**Data**.
<<<<

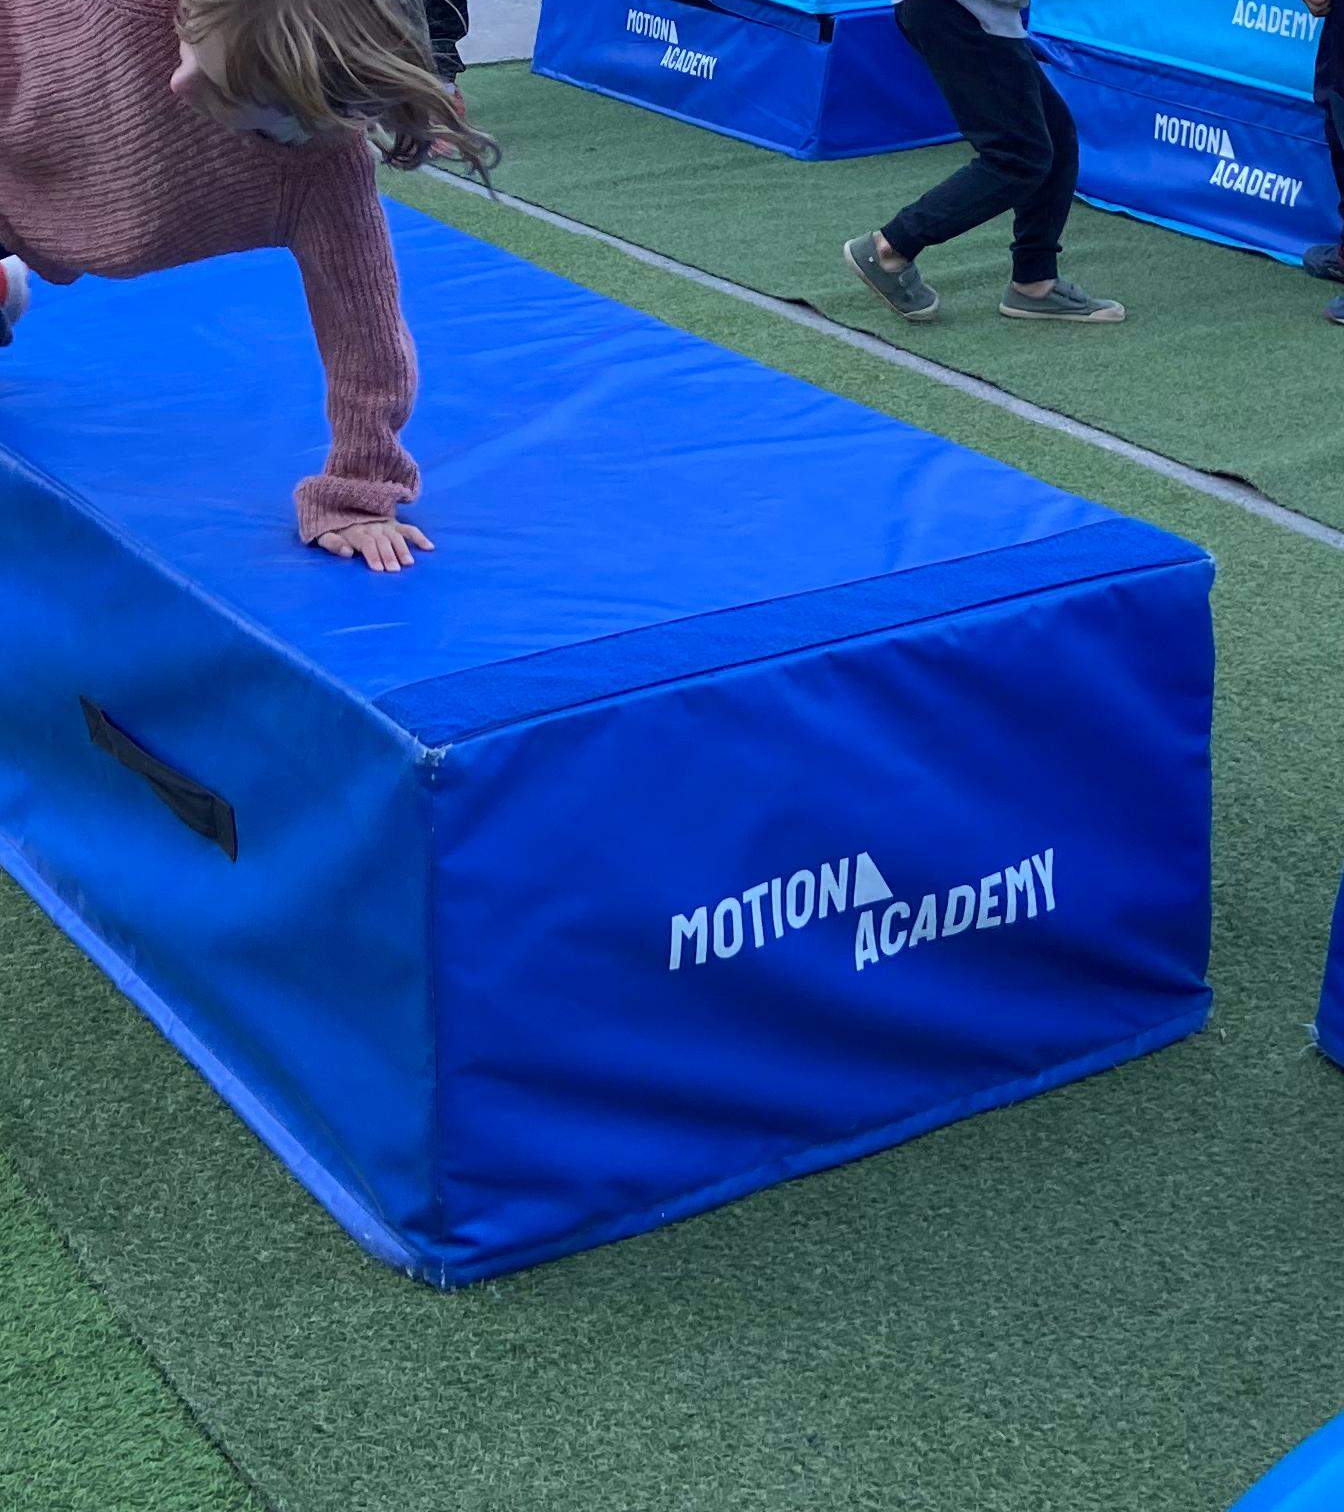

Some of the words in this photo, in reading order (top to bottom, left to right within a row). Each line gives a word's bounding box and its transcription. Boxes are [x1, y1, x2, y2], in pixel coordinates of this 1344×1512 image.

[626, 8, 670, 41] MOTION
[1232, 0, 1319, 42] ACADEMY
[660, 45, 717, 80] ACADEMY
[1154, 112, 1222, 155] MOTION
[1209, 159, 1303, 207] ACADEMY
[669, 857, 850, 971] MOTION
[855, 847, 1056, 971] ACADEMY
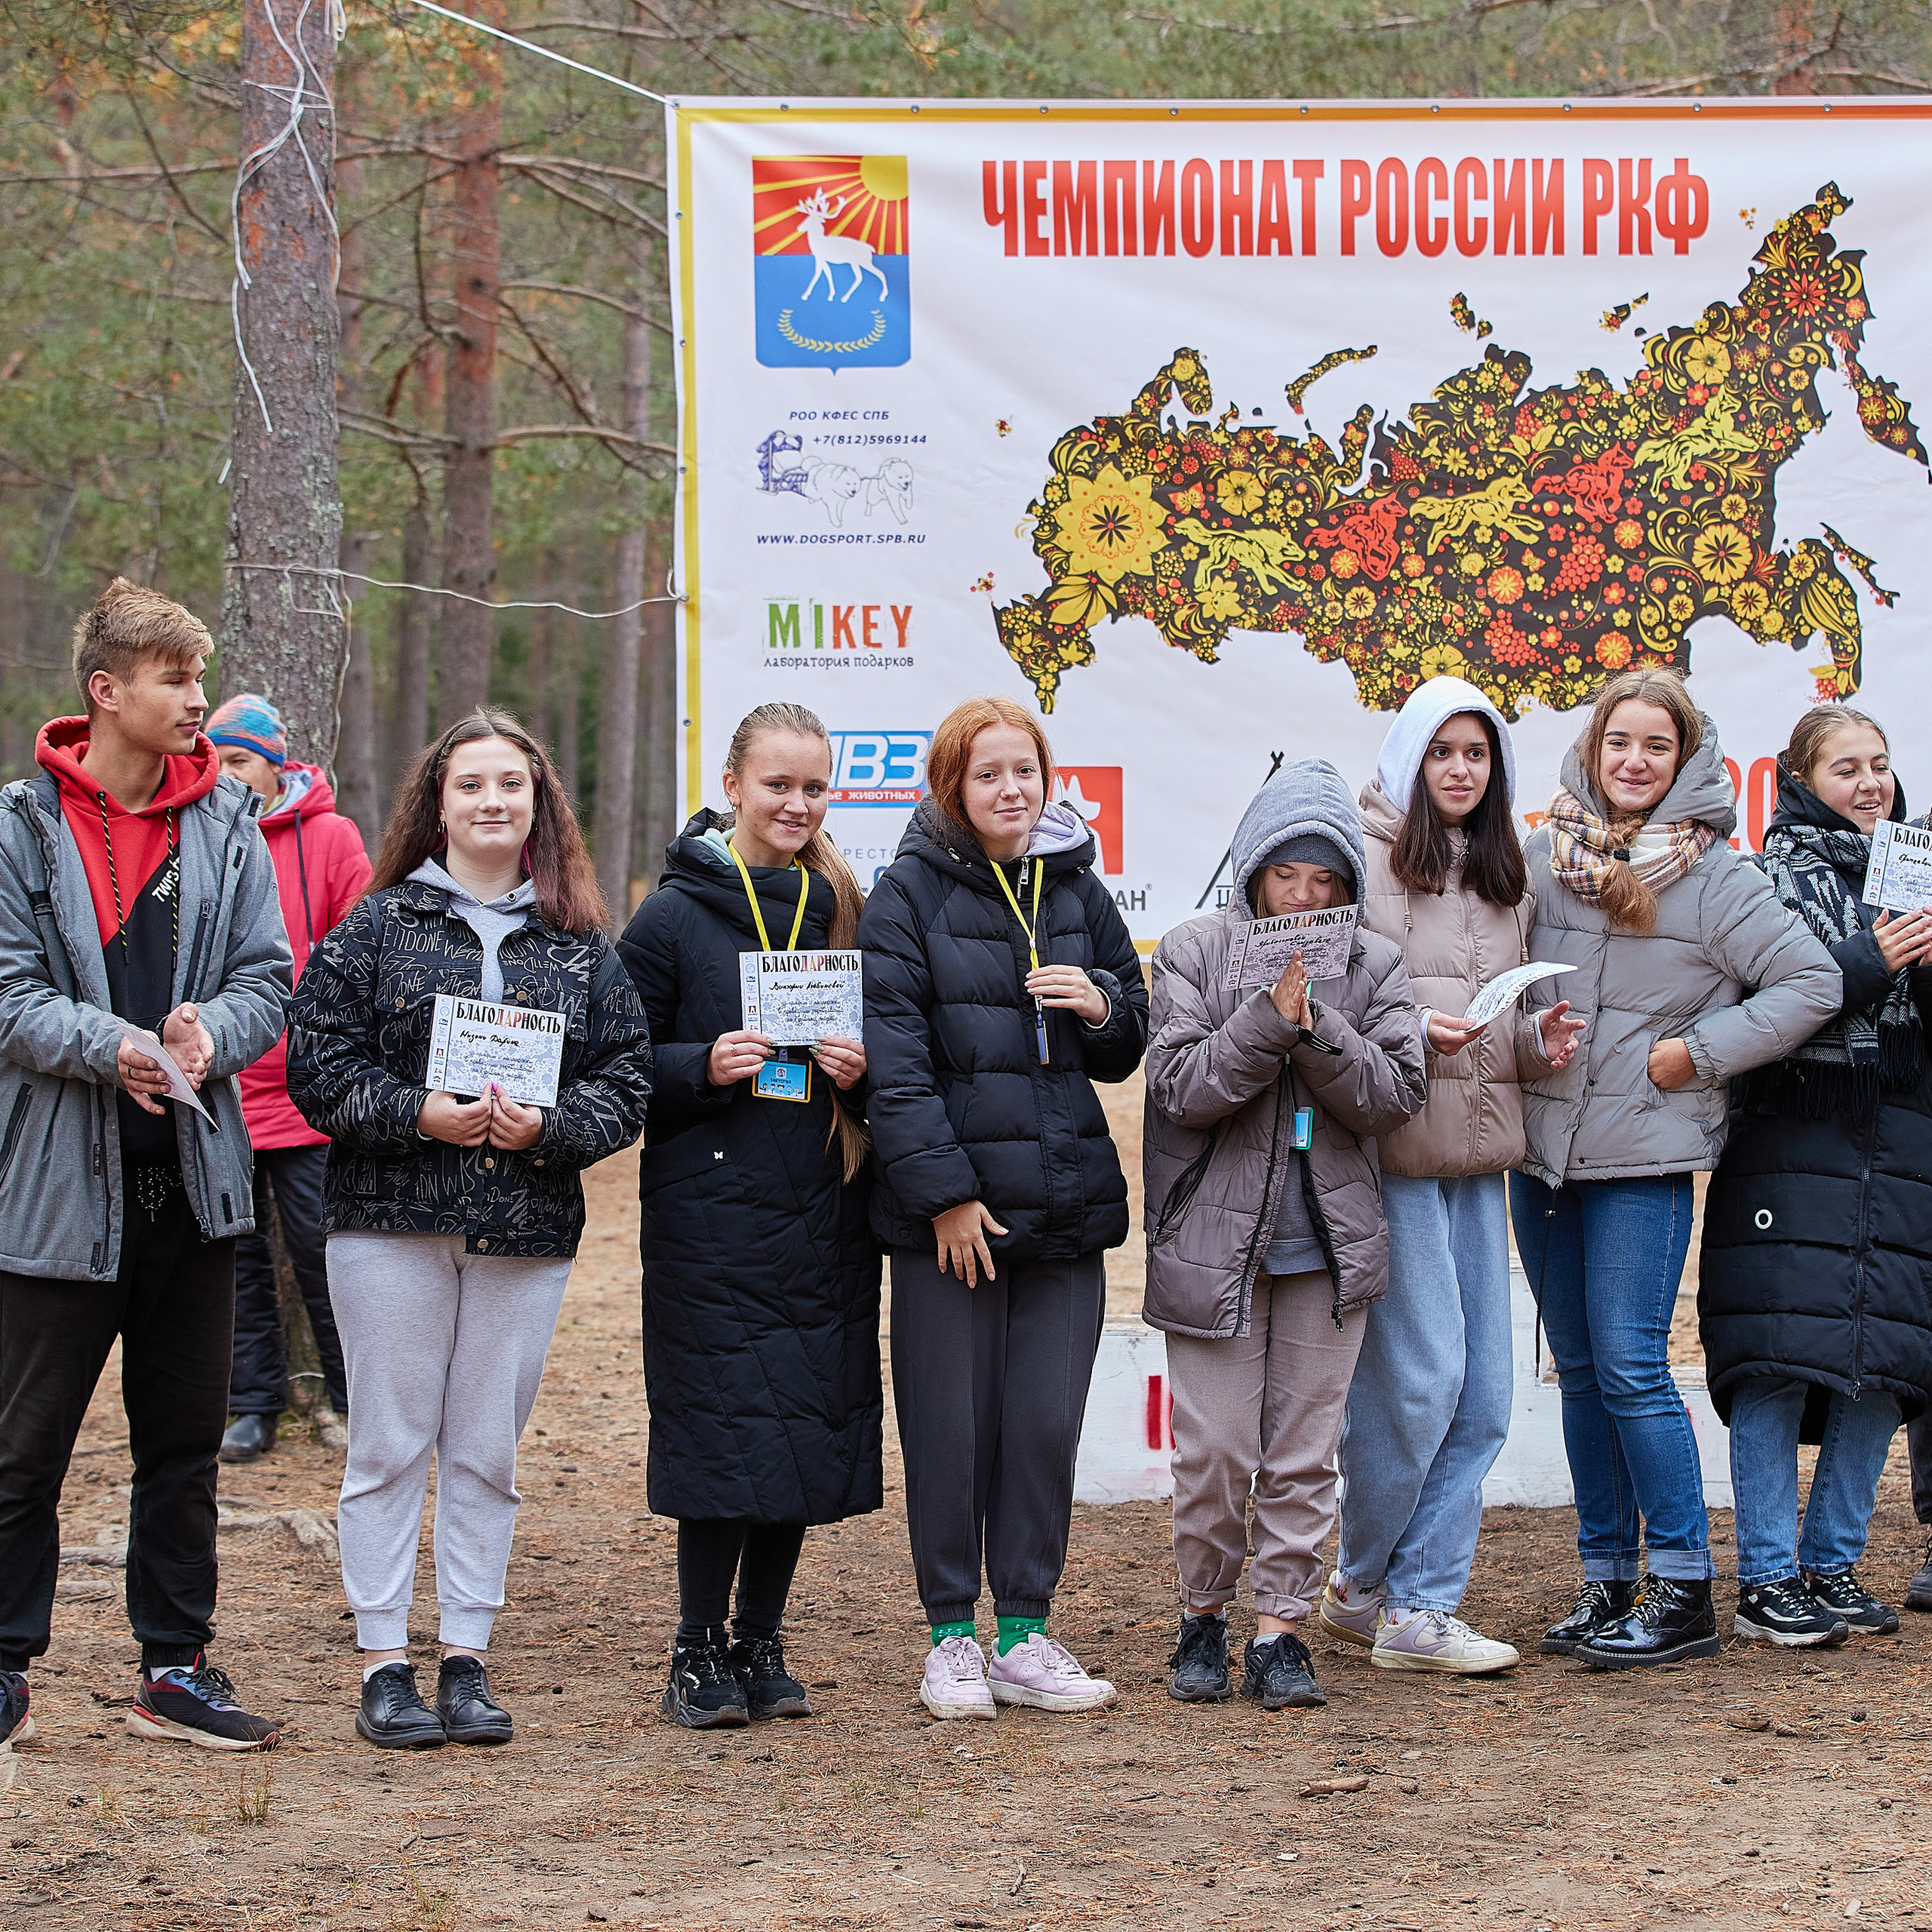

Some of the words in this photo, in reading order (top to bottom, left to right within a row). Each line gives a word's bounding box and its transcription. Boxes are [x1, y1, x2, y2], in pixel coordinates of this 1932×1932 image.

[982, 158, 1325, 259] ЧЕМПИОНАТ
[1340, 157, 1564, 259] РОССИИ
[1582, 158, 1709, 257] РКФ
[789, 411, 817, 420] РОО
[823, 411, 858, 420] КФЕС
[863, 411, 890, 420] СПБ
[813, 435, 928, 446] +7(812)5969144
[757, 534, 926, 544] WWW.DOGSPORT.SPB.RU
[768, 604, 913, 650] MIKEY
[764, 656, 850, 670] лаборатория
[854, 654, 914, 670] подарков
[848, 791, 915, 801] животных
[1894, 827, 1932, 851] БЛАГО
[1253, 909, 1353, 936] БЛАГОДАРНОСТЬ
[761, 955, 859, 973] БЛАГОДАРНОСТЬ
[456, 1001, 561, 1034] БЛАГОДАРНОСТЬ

>>>>

**Assignment**. Reproduce the listing above exactly, but skip the pictures.

**Answer to the problem**.
Some of the words in this photo, in reading order (top to bottom, left to right within a row). Each line gives a word's bounding box and its transcription. Boxes are [x1, y1, x2, y2], in pixel coordinates of this 1344×1512 image.

[626, 8, 670, 41] MOTION
[1232, 0, 1319, 42] ACADEMY
[660, 45, 717, 80] ACADEMY
[1154, 112, 1222, 155] MOTION
[1209, 159, 1303, 207] ACADEMY
[669, 857, 850, 971] MOTION
[855, 847, 1056, 971] ACADEMY

Some of the words in this photo, in reading order (top to bottom, left to right within a row). Each line gives a word's bounding box and its transcription. Boxes are [x1, y1, x2, y2], in pixel coordinates of this 1932×1932 image.

[982, 158, 1325, 259] ЧЕМПИОНАТ
[1340, 157, 1564, 259] РОССИИ
[1582, 158, 1709, 257] РКФ
[789, 411, 817, 420] РОО
[823, 411, 858, 420] КФЕС
[863, 411, 890, 420] СПБ
[813, 435, 928, 446] +7(812)5969144
[757, 534, 926, 544] WWW.DOGSPORT.SPB.RU
[768, 604, 913, 650] MIKEY
[764, 656, 850, 670] лаборатория
[854, 654, 914, 670] подарков
[848, 791, 915, 801] животных
[1894, 827, 1932, 851] БЛАГО
[1253, 909, 1353, 936] БЛАГОДАРНОСТЬ
[761, 955, 859, 973] БЛАГОДАРНОСТЬ
[456, 1001, 561, 1034] БЛАГОДАРНОСТЬ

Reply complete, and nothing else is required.